Equivalence testing in nutritional epidemiology: when 'no significant difference' is not enough

Daniel Okafor; Lars Henriksen

doi:10.5281/zenodo.dai-2025-04

Methodology Paper

Equivalence testing in nutritional epidemiology: when 'no significant difference' is not enough

DAI-MP-2025-04

Daniel Okafor, PhD, MS; Lars Henriksen, PhD
Published July 22, 2025 · DOI: 10.5281/zenodo.dai-2025-04

Abstract

In dietary assessment validation and in nutritional epidemiology more generally, investigators routinely conclude that two methods of measurement are interchangeable, or that an intervention has no effect on intake, on the basis of a non-significant null-hypothesis test. Such inferences are formally invalid: failure to reject the null hypothesis of no difference is not evidence of no difference. Equivalence testing — specifically the two one-sided tests (TOST) procedure — provides a defensible framework in which a pre-specified equivalence margin is compared to a confidence interval for the true difference, permitting conclusions of practical equivalence where the data support them.
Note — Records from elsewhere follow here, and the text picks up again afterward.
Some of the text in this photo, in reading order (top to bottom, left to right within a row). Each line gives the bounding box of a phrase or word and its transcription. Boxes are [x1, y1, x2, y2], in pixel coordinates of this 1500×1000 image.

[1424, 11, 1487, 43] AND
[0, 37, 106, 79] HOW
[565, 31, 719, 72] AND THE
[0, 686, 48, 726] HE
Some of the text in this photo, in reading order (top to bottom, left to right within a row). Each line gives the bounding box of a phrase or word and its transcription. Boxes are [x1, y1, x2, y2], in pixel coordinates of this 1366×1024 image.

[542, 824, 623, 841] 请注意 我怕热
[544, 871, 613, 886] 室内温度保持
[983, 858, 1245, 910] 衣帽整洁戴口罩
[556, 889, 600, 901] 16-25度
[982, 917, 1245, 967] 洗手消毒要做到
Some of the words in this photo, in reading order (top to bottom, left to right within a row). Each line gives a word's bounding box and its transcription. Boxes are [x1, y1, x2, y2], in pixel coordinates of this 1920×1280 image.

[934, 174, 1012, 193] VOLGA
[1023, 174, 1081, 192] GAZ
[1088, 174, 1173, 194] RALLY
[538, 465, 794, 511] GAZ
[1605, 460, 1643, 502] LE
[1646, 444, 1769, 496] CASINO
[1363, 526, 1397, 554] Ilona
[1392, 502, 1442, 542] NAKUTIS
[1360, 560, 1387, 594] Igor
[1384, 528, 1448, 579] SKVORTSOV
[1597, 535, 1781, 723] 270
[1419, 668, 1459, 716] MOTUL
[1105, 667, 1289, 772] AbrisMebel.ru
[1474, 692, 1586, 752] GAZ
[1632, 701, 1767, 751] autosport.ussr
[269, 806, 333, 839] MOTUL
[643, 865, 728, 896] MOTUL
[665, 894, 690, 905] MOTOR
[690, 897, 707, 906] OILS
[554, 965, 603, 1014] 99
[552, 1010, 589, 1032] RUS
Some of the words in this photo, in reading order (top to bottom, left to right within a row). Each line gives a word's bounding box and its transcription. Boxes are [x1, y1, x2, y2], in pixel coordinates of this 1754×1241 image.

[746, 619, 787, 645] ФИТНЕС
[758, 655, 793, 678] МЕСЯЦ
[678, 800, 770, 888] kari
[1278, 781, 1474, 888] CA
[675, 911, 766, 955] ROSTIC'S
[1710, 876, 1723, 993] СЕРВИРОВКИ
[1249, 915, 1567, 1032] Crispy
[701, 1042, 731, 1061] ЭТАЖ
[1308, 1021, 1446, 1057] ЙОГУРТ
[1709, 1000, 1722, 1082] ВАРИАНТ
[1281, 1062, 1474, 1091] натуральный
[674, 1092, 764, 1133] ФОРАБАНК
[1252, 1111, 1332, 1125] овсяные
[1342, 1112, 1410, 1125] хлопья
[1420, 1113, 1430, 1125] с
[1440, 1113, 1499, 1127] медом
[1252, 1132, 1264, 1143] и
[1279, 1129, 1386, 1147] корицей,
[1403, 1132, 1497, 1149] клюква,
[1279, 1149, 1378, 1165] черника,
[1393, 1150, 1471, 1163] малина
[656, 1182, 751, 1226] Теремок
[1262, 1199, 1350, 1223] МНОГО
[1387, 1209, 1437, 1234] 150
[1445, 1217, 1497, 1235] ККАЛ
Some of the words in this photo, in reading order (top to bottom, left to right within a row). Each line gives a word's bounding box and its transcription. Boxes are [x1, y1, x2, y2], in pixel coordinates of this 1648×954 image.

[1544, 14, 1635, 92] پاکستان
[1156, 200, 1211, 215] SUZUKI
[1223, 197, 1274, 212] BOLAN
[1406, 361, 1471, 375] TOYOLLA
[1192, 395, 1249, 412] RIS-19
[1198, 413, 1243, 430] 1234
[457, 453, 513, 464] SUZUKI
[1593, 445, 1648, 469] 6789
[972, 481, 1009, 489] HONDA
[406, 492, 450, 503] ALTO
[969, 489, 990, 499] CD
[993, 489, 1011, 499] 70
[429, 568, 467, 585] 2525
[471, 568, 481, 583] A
This methodology paper sets out the TOST procedure and its variants in the context of dietary assessment: choice of equivalence margin, handling of clustered data, handling of skewed residuals, and pairing with Bland-Altman limits of agreement. Worked examples address the validation of a new test method against a reference, and the comparison of two dietary assessment tools against each other. The paper documents four common errors: (i) misinterpreting non-significance as equivalence, (ii) choosing an equivalence margin post-hoc, (iii) treating asymmetric margins as symmetric, and (iv) failing to integrate equivalence conclusions with clinical-decision thresholds. A reporting template is proposed for equivalence claims in dietary assessment. Where the study's goal is to demonstrate that one method can substitute for another, equivalence testing — not null-hypothesis testing — is the procedure with defensible inferential properties.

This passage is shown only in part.